Go by Example: SHA1 Hashes

SHA1 hashes are frequently used to compute short identities for binary or text blobs. For example, the git revision control system uses SHA1s extensively to identify versioned files and directories. Here’s how to compute SHA1 hashes in Go.

package main

Go implements several hash functions in various crypto/* packages.

import "crypto/sha1"
import "fmt"
func main() {
	s := "sha1 this string"

The pattern for generating a hash is sha1.New(), sha1.Write(bytes), then sha1.Sum([]byte{}). Here we start with a new hash.

	h := sha1.New()

Write expects bytes. If you have a string s, use []byte(s) to coerce it to bytes.

	h.Write([]byte(s))

This gets the finalized hash result as a byte slice.
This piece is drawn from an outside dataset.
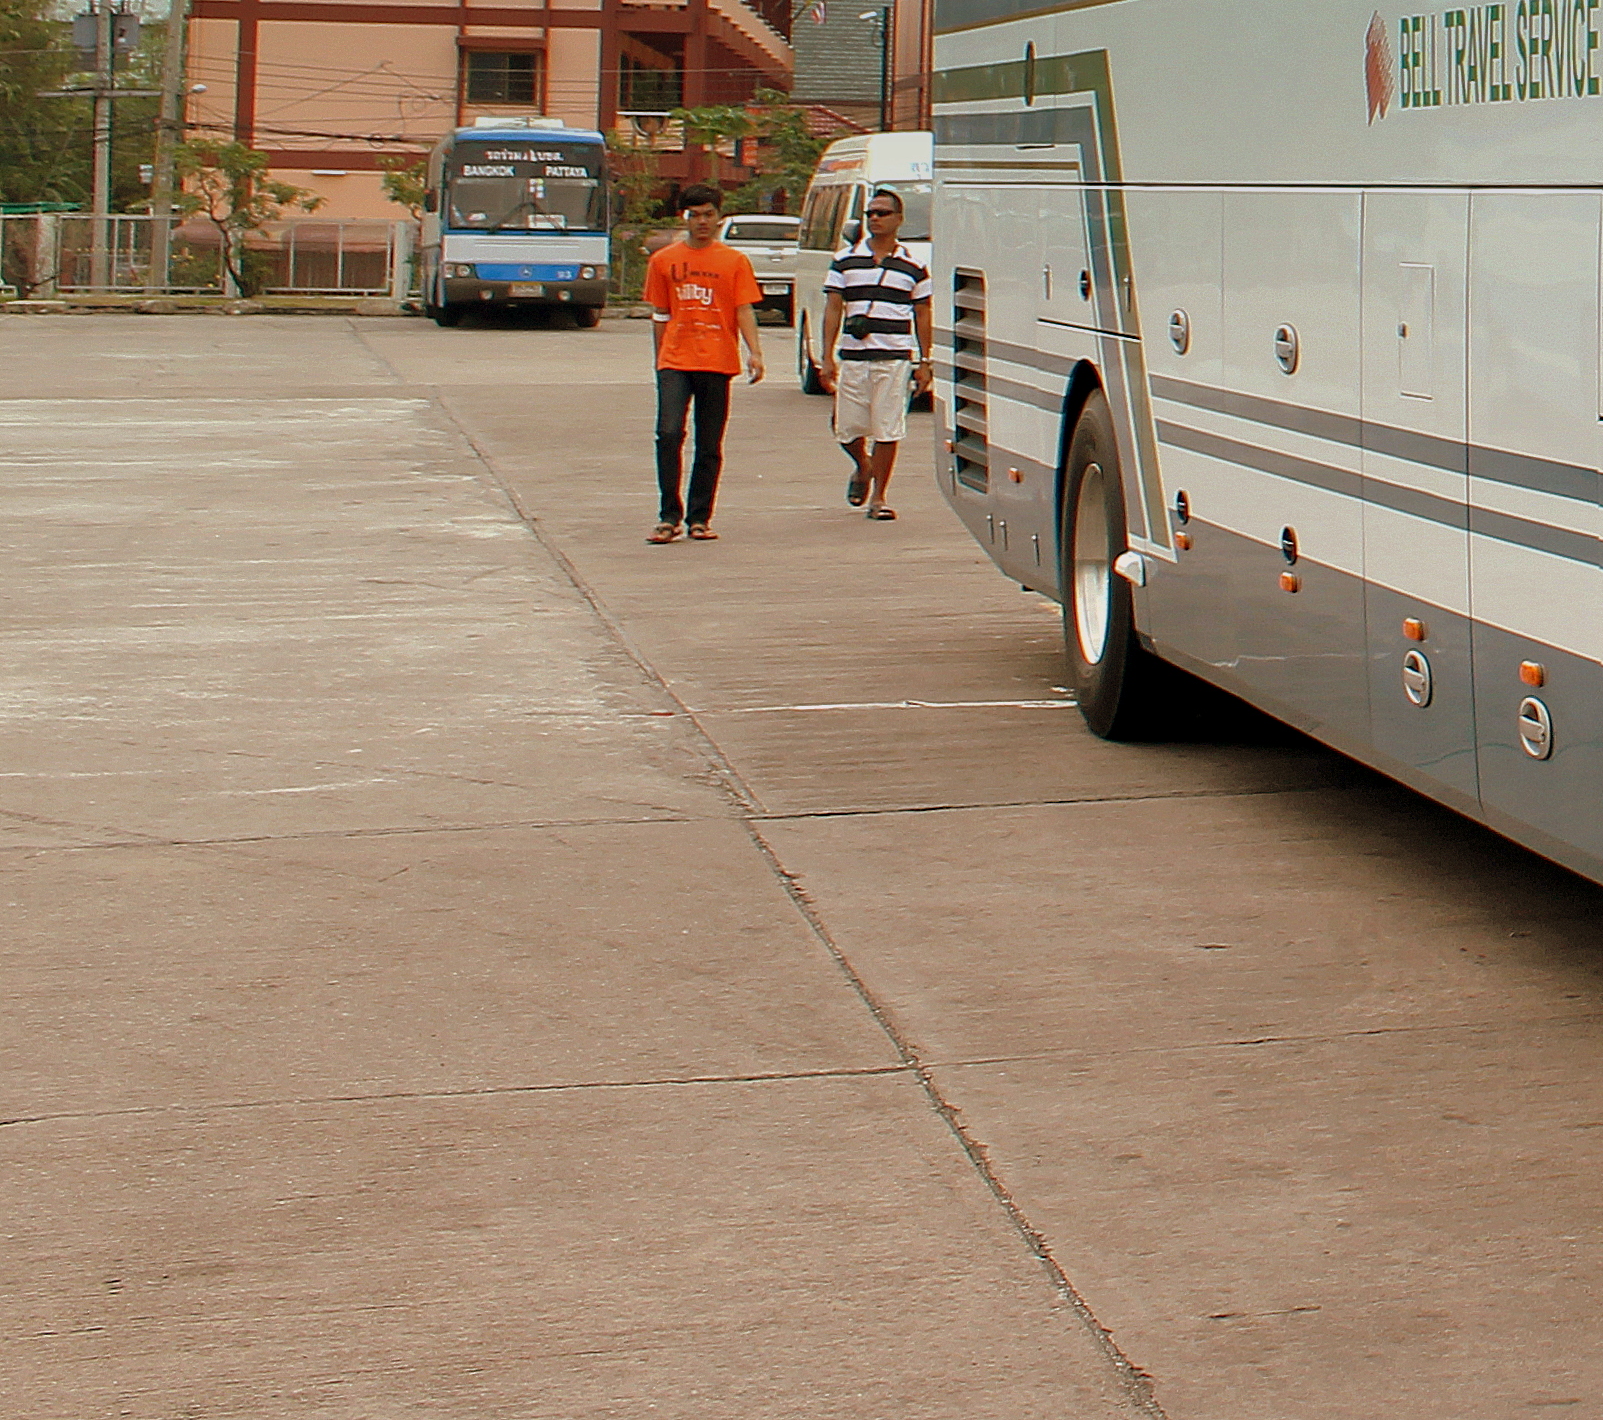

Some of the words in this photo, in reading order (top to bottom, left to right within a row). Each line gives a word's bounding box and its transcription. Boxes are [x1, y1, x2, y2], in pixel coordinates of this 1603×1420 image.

[1398, 14, 1443, 110] BELL
[1443, 2, 1513, 106] TRAVEL
[462, 165, 515, 177] BANGKOK
[545, 165, 588, 178] PATTAYA
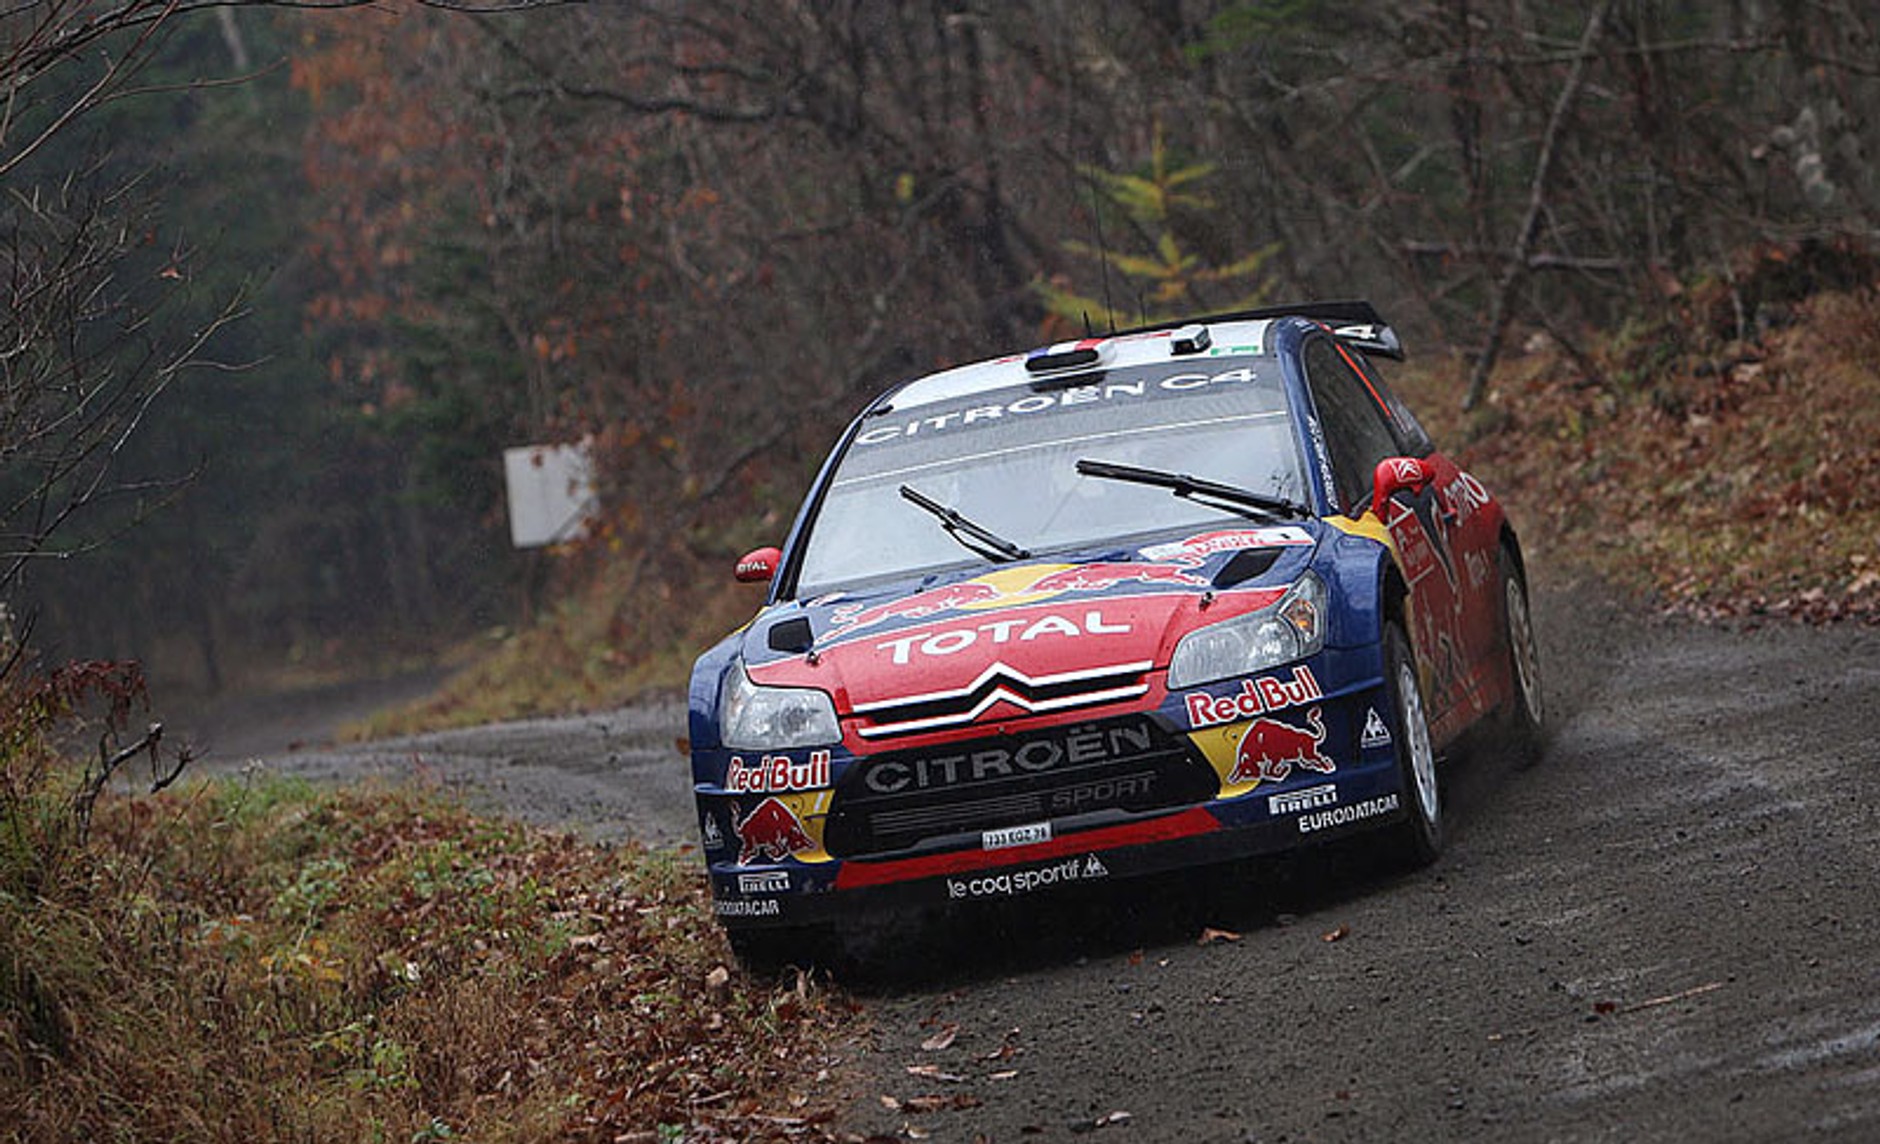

The argument to Sum can be used to append to an existing byte slice: it usually isn’t needed.

	bs := h.Sum(nil)

SHA1 values are often printed in hex, for example in git commits. Use the %x format verb to convert a hash results to a hex string.

	fmt.Println(s)
	fmt.Printf("%x\n", bs)
}

Running the program computes the hash and prints it in a human-readable hex format.

$ go run sha1-hashes.go
sha1 this string
cf23df2207d99a74fbe169e3eba035e633b65d94

You can compute other hashes using a similar pattern to the one shown above. For example, to compute MD5 hashes import crypto/md5 and use md5.New().

Note that if you need cryptographically secure hashes, you should carefully research hash strength!